On the other hand, I'm glad that they mentioned it --- I would have a much more negative reaction if I had to find this out on my own.

I feel like an even better approach here would have been for the developers to offer the data collection functionality as a separately installed module, and then make the case to the user during installation of the main package.

This need to be opt in or banned. Or else anyone not collecting data will have an disadvantage, meaning sooner or later every library will be collecting data. And it doesn't stop at collecting usage statistics, some popular software are already recording what web sites you visit, and what you search for! (For example how to do x in library y, so they can improve their documentation or what not)

This library has a GPDR consent problem-- just putting it at the end of the README doesn't cut it. I wonder if this is the first open source library to violate GPDR.

gdpr really only cares about personally identifiable information, afaik. You don't need consent for anonymized stats.

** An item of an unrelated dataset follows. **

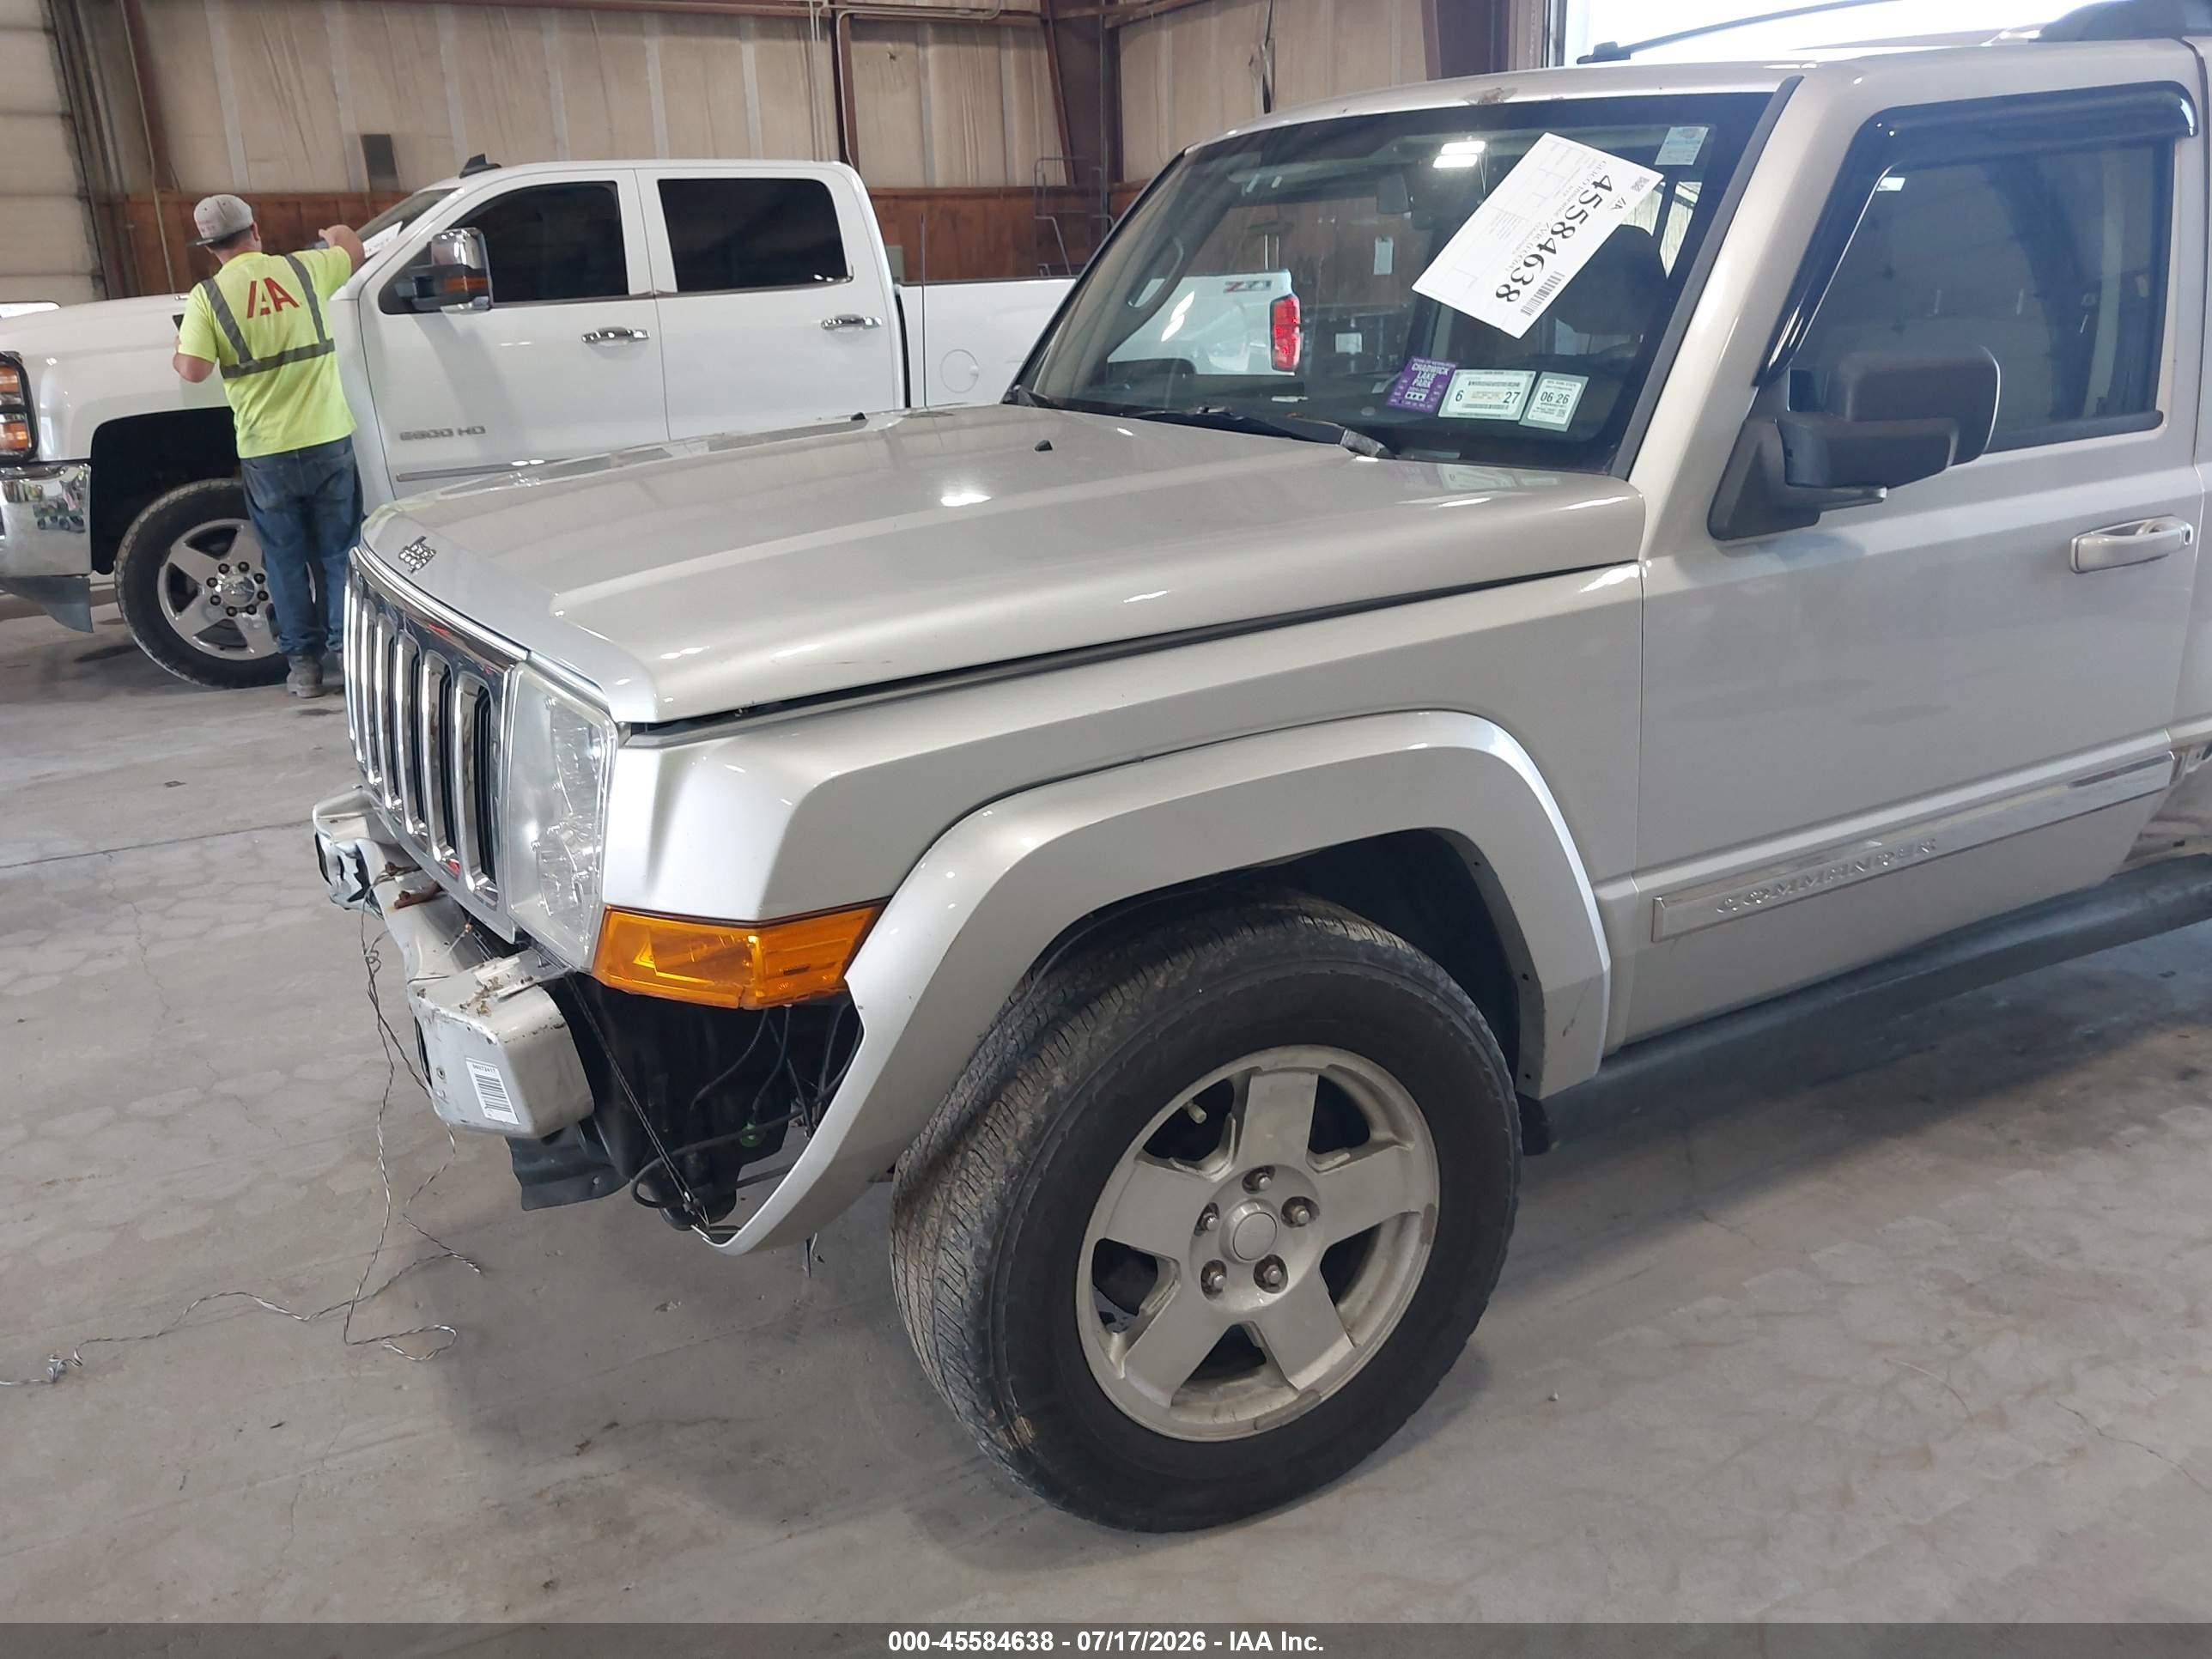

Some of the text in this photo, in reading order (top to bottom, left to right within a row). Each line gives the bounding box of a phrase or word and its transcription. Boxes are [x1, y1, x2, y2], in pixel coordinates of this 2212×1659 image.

[1495, 174, 1613, 302] 45584638
[1455, 389, 1521, 404] 6 27
[1540, 391, 1571, 404] 06 26

If you read what it sends they’re sending function names / kwargs / module names etc Put an IP in there (for example) or a persons name etc and you have potential GDPRviolation.

A while back I found out that the popular Serverless framework/library tracks and reports back usage (https://serverless.com/framework/docs/providers/aws/cli-refe...). This similarly struck me as really out of place, and (at the time at least) it didn't seem sufficiently disclosed or described in the docs. If I NPM install it and invoke it, have I implicitly agreed to this?

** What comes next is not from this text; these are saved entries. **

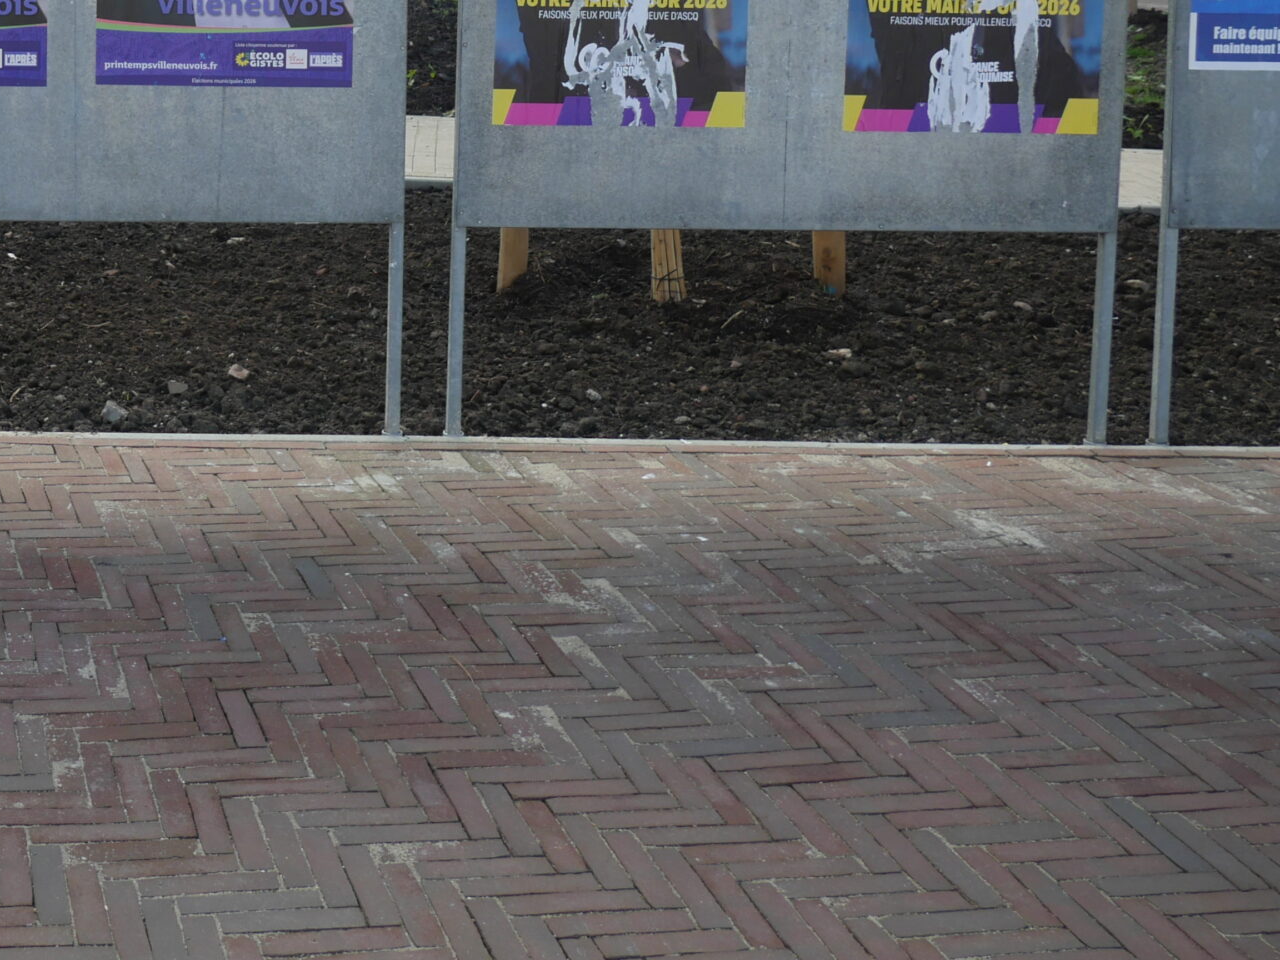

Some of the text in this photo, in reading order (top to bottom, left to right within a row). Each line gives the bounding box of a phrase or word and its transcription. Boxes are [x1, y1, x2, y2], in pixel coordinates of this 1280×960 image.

[538, 10, 571, 20] FAISONS
[599, 10, 620, 20] POUR
[670, 11, 699, 21] D'ASCQ
[890, 16, 924, 26] FAISONS
[924, 16, 950, 26] MIEUX
[951, 17, 975, 26] POUR
[1213, 25, 1247, 40] Faire
[1212, 42, 1276, 54] maintenant
[249, 49, 284, 60] ÉCOLO
[103, 60, 218, 73] printempsvilleneuvois.fr
[249, 60, 284, 68] GISTES

Also interesting to see what happens when such a library becomes nested within a more popular library. Disabling should still work, but fewer people would be aware.

I thought this was a neat package and would have tested it. I won’t install or use it because of this.

I don’t like packages that require external access to function. I understand the business mode and think there are clear ways to do this (plotly and graphistry come to mind), but I don’t think the benefit outweighs the downsides to use these types of libraries.

At least this can be easily refactored out, plotly and graphistry don’t really function well without the api calls. Plotly offline exists, but trying to keep track of features between the two is a pain. And the reasoning given for the api (massive scale conpute) could be easily abstracted for local mode if they wanted.

Actually, Plotly offline works exactly the same was as Plotly online: same code runs on both ends, total feature parity from Python :)

I recently read that there are over 100 workflow engines [1], it is still often difficult to make the case that Make is insufficient

[1] https://vatlab.github.io/blog/post/sos-workflow-engine/

It's easy to make the case that make is insufficient. There are three very distinct domains being conflated here:

1. The day to day experimentation and iteration by a computational researcher. 2. The repeated execution of a workflow on different data sets submitted by different people, such as in a clinical testing lab. 2. The ongoing processing of a stream of data by a deployed system, such as ongoing data processing for a platform like Facebook.

For (1), there is a crucial insight that is often missing: the unit of work for such people is not the program, but the execution. If you have a Makefile or a shell script or even a nicely source controlled program, you end up running small variations of it, with different parameters, and different input files. Very quickly you end up with hundreds of files, and no way of tracking what comes from which execution under what conditions. make doesn't help you with this. Workflow engines don't help you with this. I wrote a system some years ago when I was still in computational science to handle this situation (https://github.com/madhadron/bein), but I haven't updated it to Python 3, and I would like to use Python's reflection capabilities to capture the source code as well. It should probably be integrated with Jupyter at this point, too, but Jupyter was in its infancy when I did that.

For (2), there are systems like KNIME and Galaxy, and, crucially, they integrate with a LIMS (Laboratory Information Management System) which is the really important part. The workflow is the same, but it's provenance, tracking, and access control of all steps of the work that matters in that setting.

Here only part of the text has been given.